The rigorous analysis of solar radiation data is fundamental to the advancement of renewable technologies and climate studies, particularly in Natal, Brazil, a strategic location characterized by an annual insolation of approximately 2,968.4 hours and an average daily irradiance of 5.0 kWh/m². This research aims to address a critical gap in the literature often limited by a scarcity of validated models for the high volatility of tropical regions and an overreliance on univariate approaches that neglect external environmental variables by investigating the application of Deep Learning architectures, such as Recurrent Neural Networks (RNN), Long Short-Term Memory (LSTM), and Gated Recurrent Units (GRU). By modeling complex temporal dependencies and dynamic patterns in multivariate series, this study seeks to validate the efficacy of these configurations in optimizing energy resource forecasting and enhancing grid reliability.

Methodology

The methodological framework commenced with comprehensive data pre-processing, employing spline interpolation techniques to handle missing values and z-score standardization for data normalization. To capture the temporal dynamics of the series, the data were segmented into sliding windows of 10 samples each, serving as input for the neural networks. The dataset was partitioned into training (90%) and testing (10%) sets, ensuring the preservation of sequential integrity for robust validation. The implementation was executed in Python using the TensorFlow and Keras frameworks. The evaluated architecture consisted of a four-layer deep structure (256, 128, 64, and 1 neuron in the output layer), utilizing ReLU activation for hidden layers and linear activation for the output. Hyperparameter optimization was conducted by systematically varying batch sizes (16, 32, and 64) and training durations (50 and 100 epochs) to identify the most efficient model configurations.

Results

In terms of practical application, the selection among these Deep Learning architectures depends on the specific energy system requirements: RNNs are ideal for rapid processing within short time windows; LSTMs are essential for systems requiring high reliability in long-term and seasonal forecasting, as their 'memory gates' prevent the loss of historical information; meanwhile, GRUs represent the most balanced solution for implementation in microcontrollers and low-cost embedded systems, offering the robustness of LSTMs with significantly lower memory and processing demands. Although all architectures converged toward a coefficient of determination (R2) of 0.94, the practical distinction between the models lies in the trade-off between statistical precision and structural complexity. The RNN 3 model achieved the lowest absolute errors, establishing itself as the most accurate configuration for this specific dataset. In contrast, the LSTM and GRU architectures demonstrated greater robustness in handling long-term temporal dependencies, effectively mitigating the vanishing gradient problem. Notably, GRU 3 offered performance equivalent to LSTM 3, but with a more simplified and efficient computational structure.
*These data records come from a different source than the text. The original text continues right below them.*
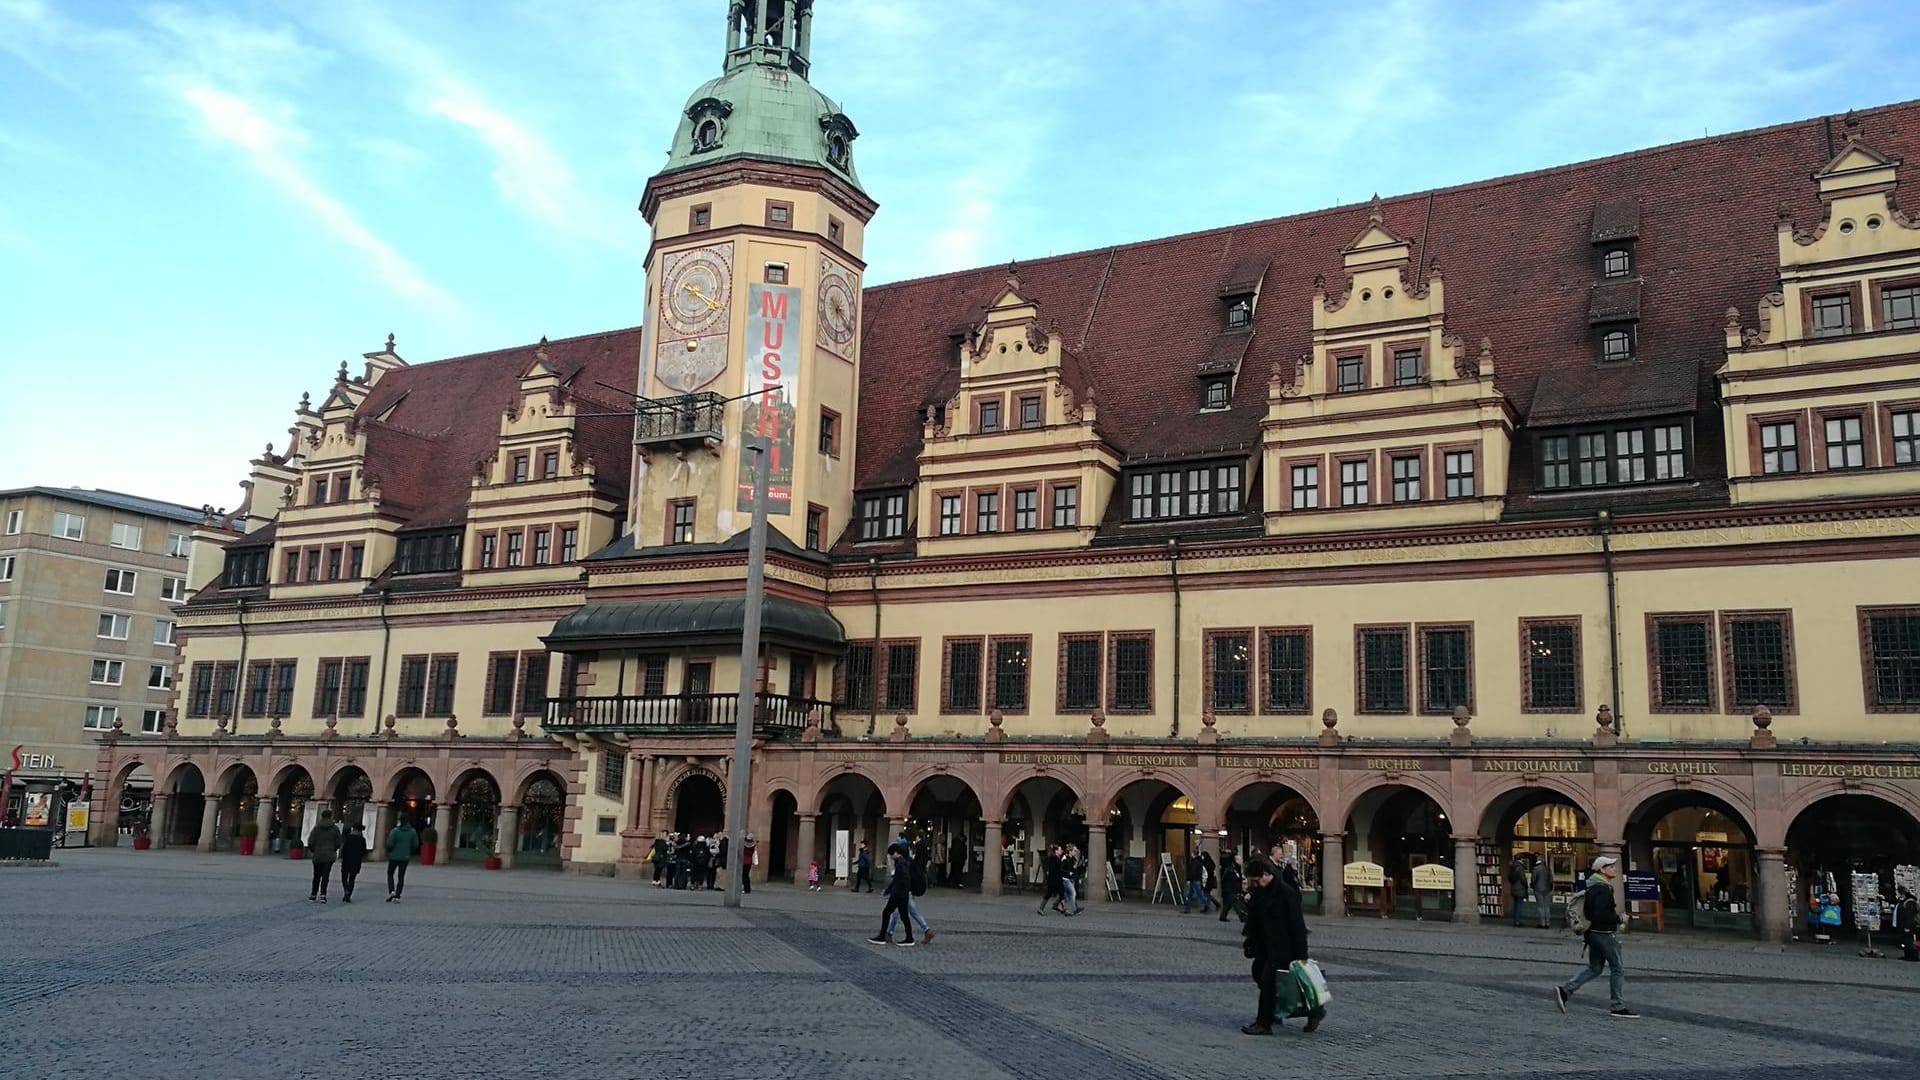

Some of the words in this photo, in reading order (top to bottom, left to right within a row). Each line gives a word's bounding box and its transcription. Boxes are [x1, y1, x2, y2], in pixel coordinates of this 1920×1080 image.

[11, 744, 55, 771] STEIN
[1004, 753, 1029, 764] EDLE
[1035, 753, 1082, 764] TROPFEN
[1114, 754, 1187, 767] AUGENOPTIK
[1217, 757, 1241, 767] TEE
[1243, 757, 1252, 767] &
[1484, 760, 1582, 772] ANTIQUARIAT
[1647, 761, 1718, 774] GRAPHIK
The error metrics for the top-performing configurations are summarized as follows:

  • RNN 3: RMSE of 291.92; MAE of 208.47; R2 of 0.94.
  • GRU 3: RMSE of 295.69; MAE of 211.90; R2 of 0.94.
  • LTM 3: RMSE of 296.14; MAE of 213.44; R2 of 0.94.

Conclusions

This study concludes that the LSTM model demonstrated the greatest robustness in solar radiation forecasting, exhibiting a high correlation with empirical data and superior stability in predicting peak events and seasonal patterns. The primary contribution of this work lies in the use of an unprecedented regional dataset, allowing for a rigorous performance evaluation of these architectures under the specific geoclimatic conditions of tropical regions. Notably, the LSTM architecture outperformed the conventional RNN by maintaining lower sensitivity to stochastic noise and modeling complex nonlinear relationships with higher precision, even in the presence of high local thermal and irradiance volatility. These findings validate the implementation of advanced recurrent architectures as a robust and contextualized tool for the sustainable management of solar energy systems in tropical environments.

Keywords: Deep learning; Irradiance forecasting; LSTM networks; Time series; Tropical climate.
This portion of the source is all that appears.